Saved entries
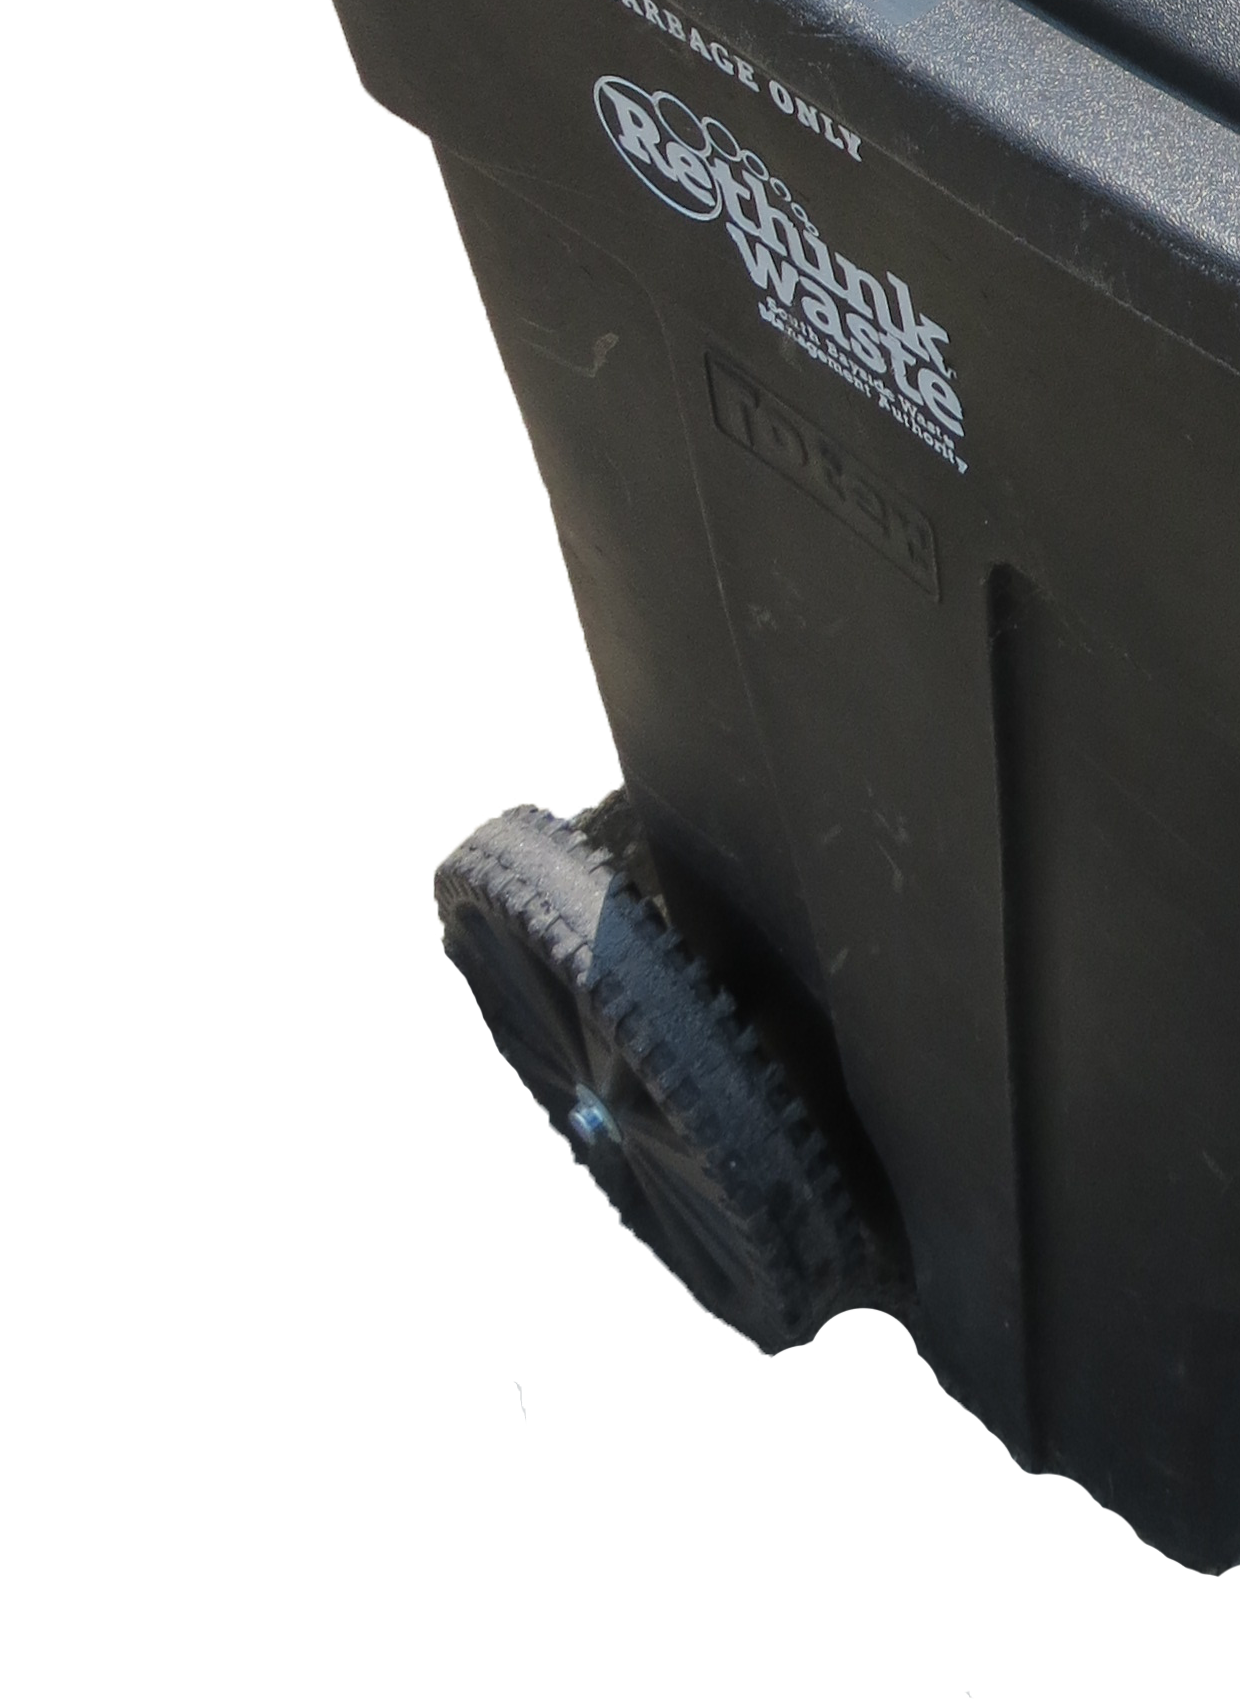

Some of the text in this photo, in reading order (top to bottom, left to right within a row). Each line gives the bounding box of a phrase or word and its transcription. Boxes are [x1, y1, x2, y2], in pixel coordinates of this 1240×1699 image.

[768, 79, 862, 162] ONLY
[600, 82, 952, 378] Rethink
[726, 221, 965, 437] waste
[758, 301, 969, 475] Management Authority
[766, 296, 956, 451] South Bayside Waste
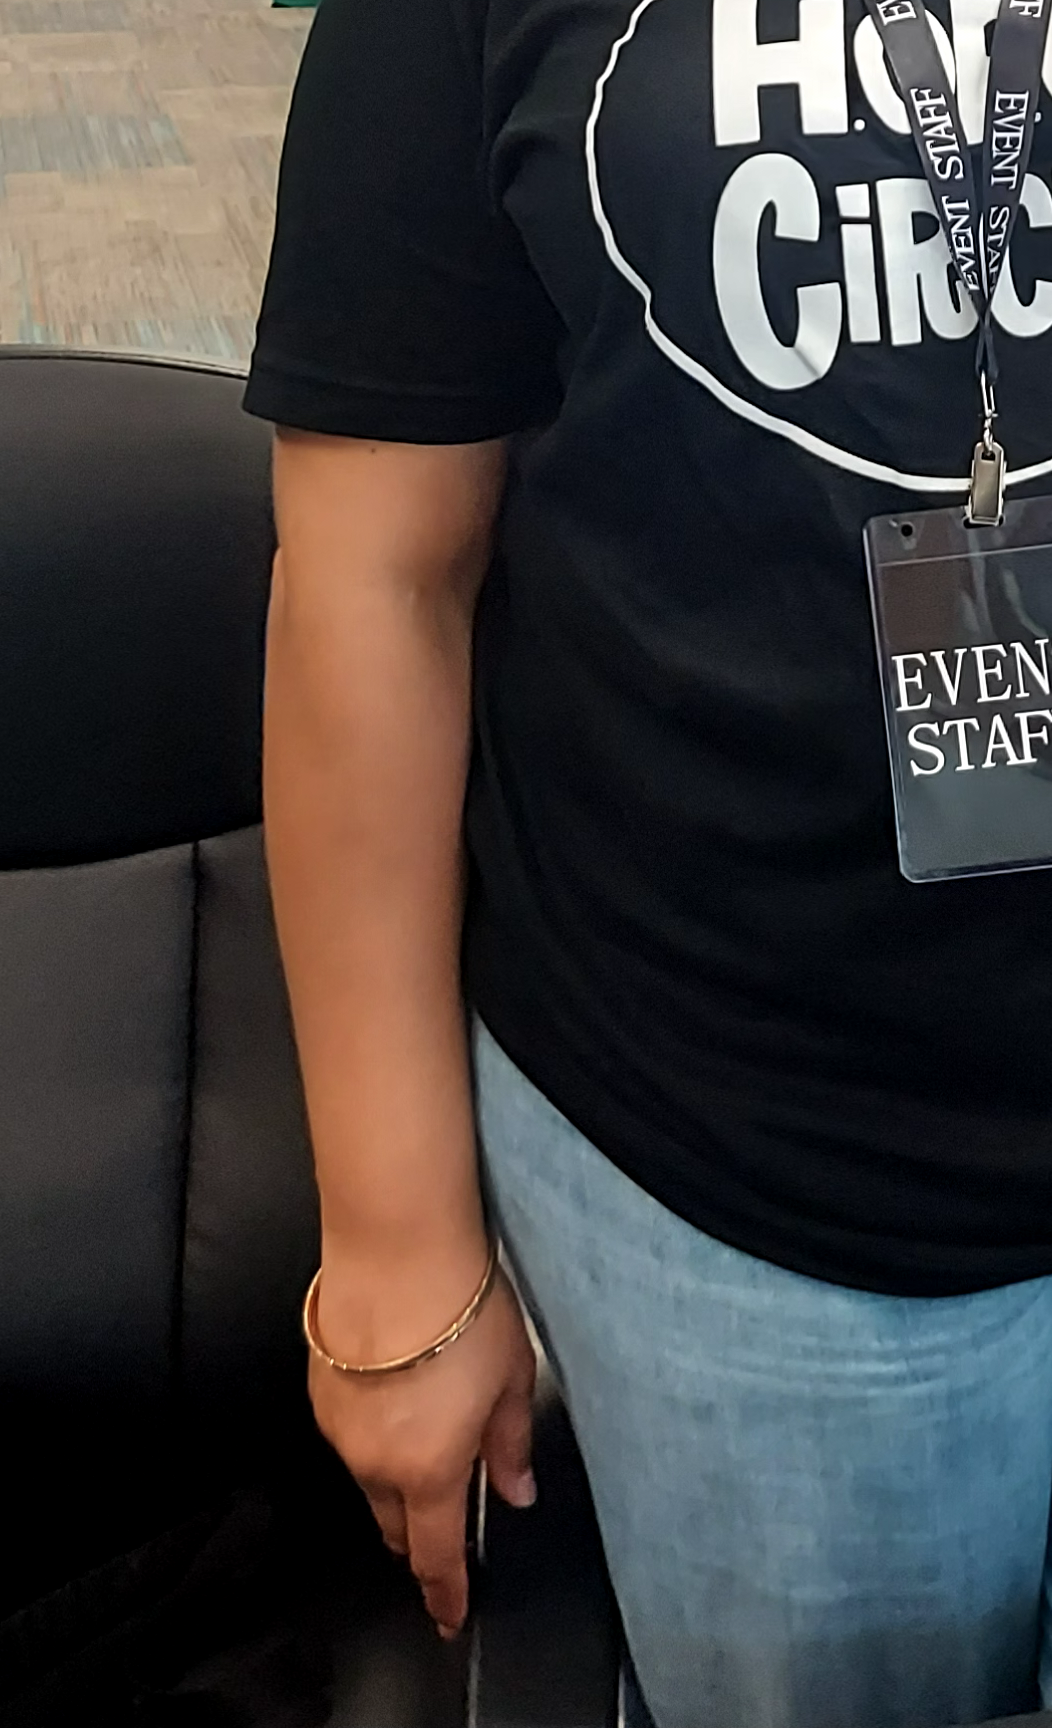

## Exercise brief
Return the records above exactly as written. Do not include their images.

## Answer box
Some of the text in this photo, in reading order (top to bottom, left to right within a row). Each line gives the bounding box of a phrase or word and its transcription. Boxes are [x1, y1, x2, y2], in pixel coordinates of this 1240×1699 image.

[768, 79, 862, 162] ONLY
[600, 82, 952, 378] Rethink
[726, 221, 965, 437] waste
[758, 301, 969, 475] Management Authority
[766, 296, 956, 451] South Bayside Waste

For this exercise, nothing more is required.